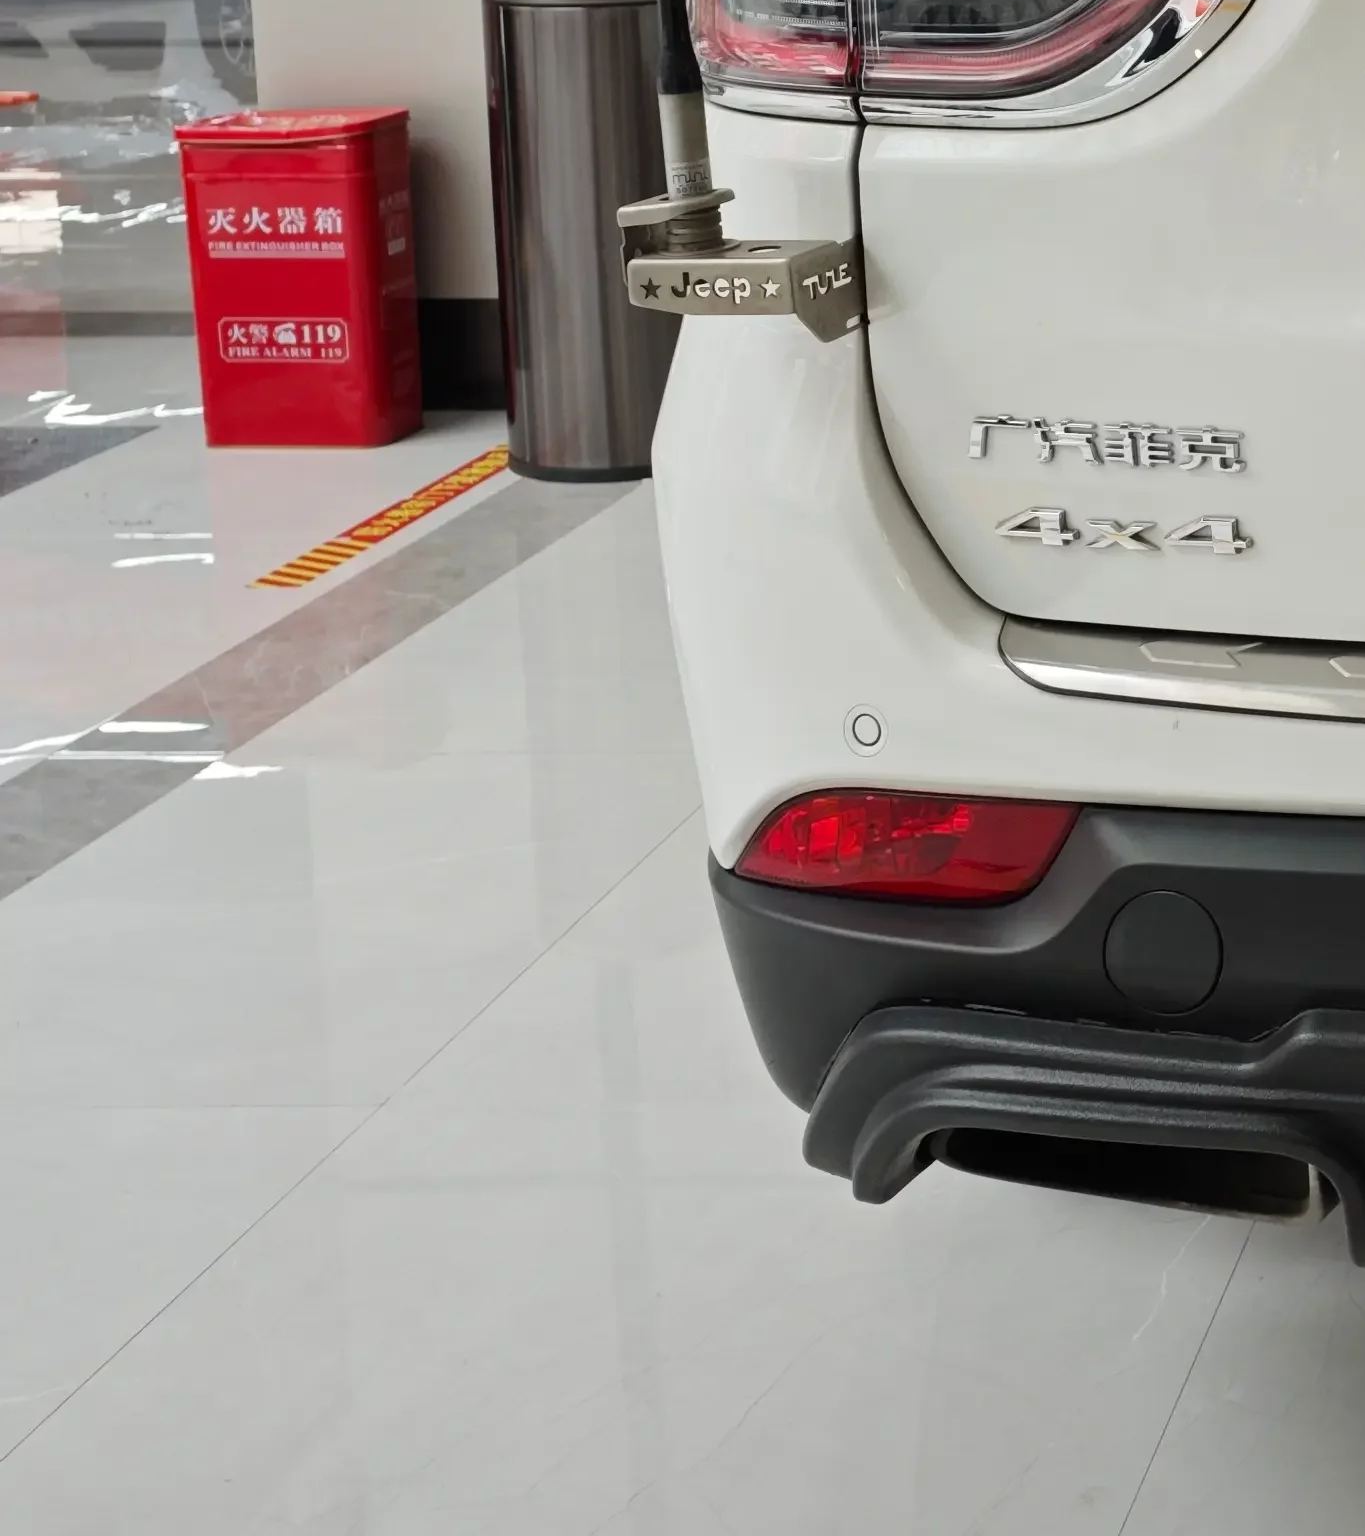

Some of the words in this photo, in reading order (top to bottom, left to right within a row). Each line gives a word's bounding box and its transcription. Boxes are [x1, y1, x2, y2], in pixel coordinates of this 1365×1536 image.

[206, 207, 344, 235] 灭火器箱
[671, 271, 751, 305] Jeep
[227, 323, 269, 345] 火警
[301, 323, 342, 345] 119
[228, 346, 259, 358] FIRE
[263, 346, 313, 358] ALARM
[320, 346, 343, 358] 119
[968, 414, 1247, 472] 广汽菲克
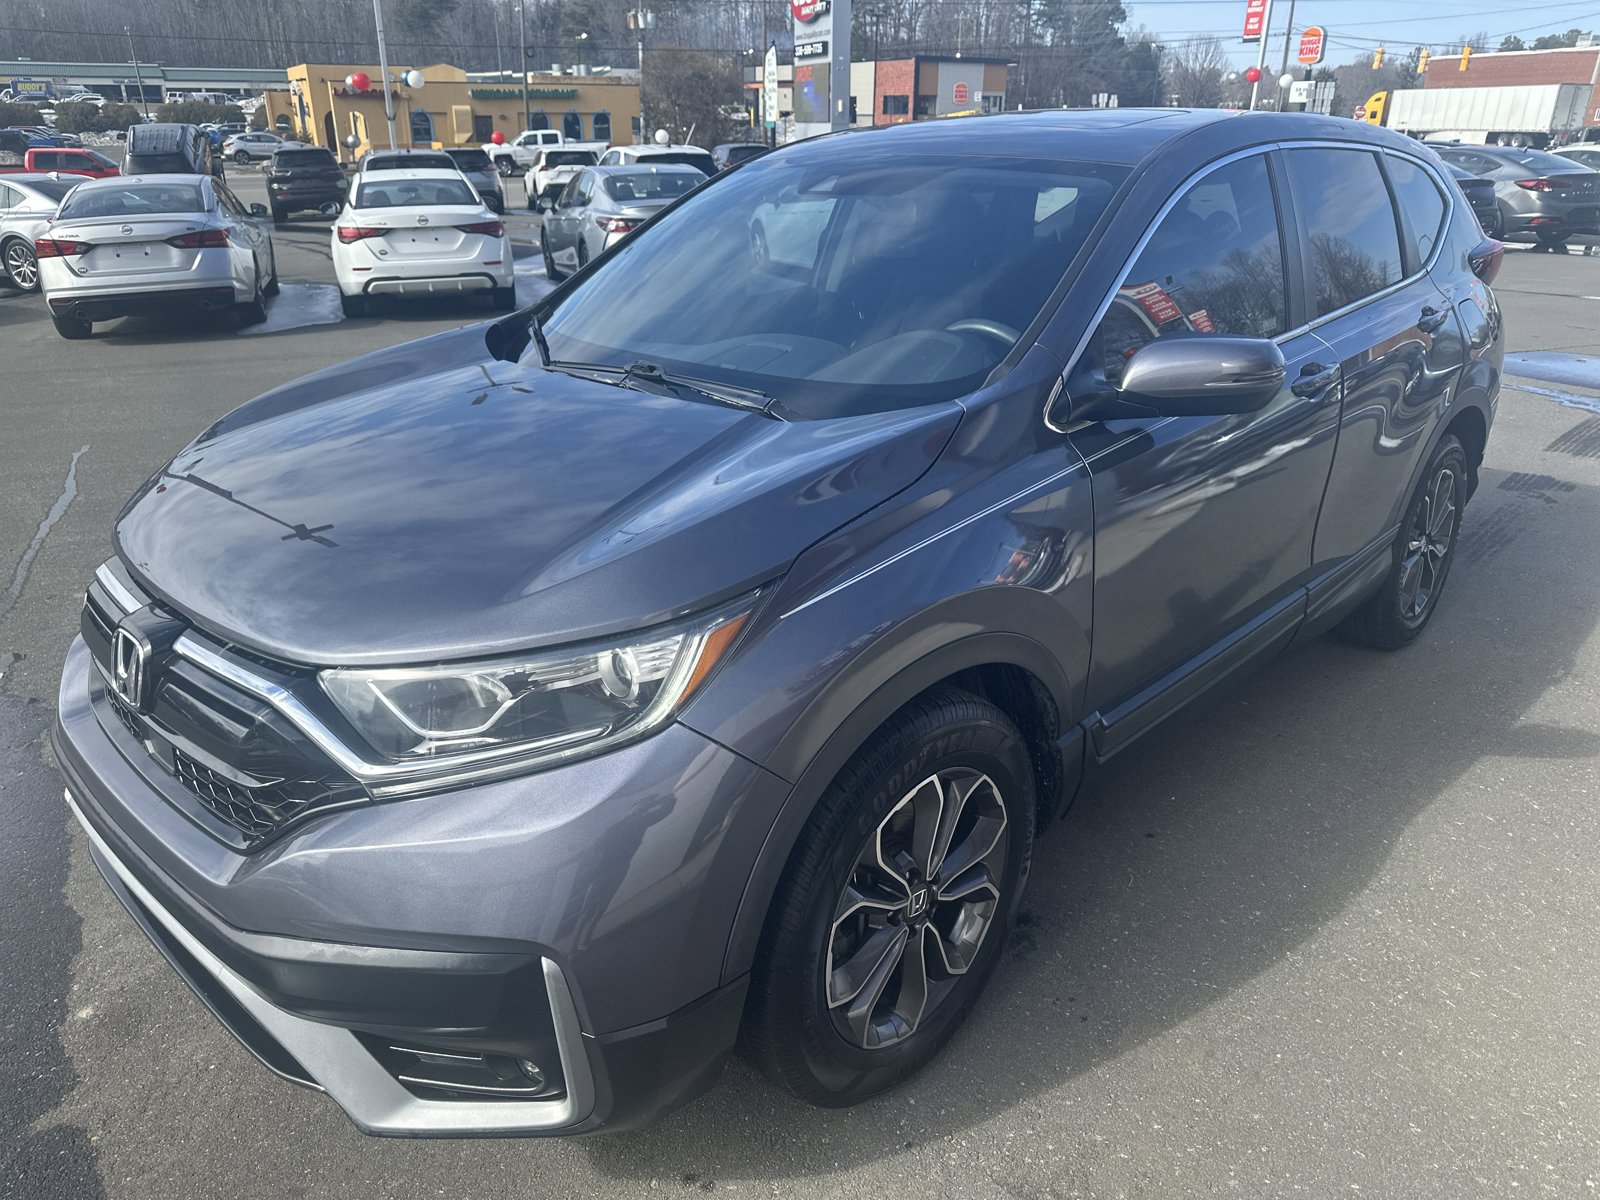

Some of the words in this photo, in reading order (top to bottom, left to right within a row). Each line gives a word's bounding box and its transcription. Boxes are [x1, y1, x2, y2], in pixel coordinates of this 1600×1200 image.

[1300, 38, 1320, 46] BURGER
[1299, 46, 1319, 56] KING
[17, 82, 47, 92] BUDDY'S
[859, 730, 988, 835] GOODYEAR

Task requirements: The task here is to output the line with "this 1600×1200 image." and all lines after it to the end of the records above, exactly and only those.

Reply:
Some of the words in this photo, in reading order (top to bottom, left to right within a row). Each line gives a word's bounding box and its transcription. Boxes are [x1, y1, x2, y2], in pixel coordinates of this 1600×1200 image.

[1300, 38, 1320, 46] BURGER
[1299, 46, 1319, 56] KING
[17, 82, 47, 92] BUDDY'S
[859, 730, 988, 835] GOODYEAR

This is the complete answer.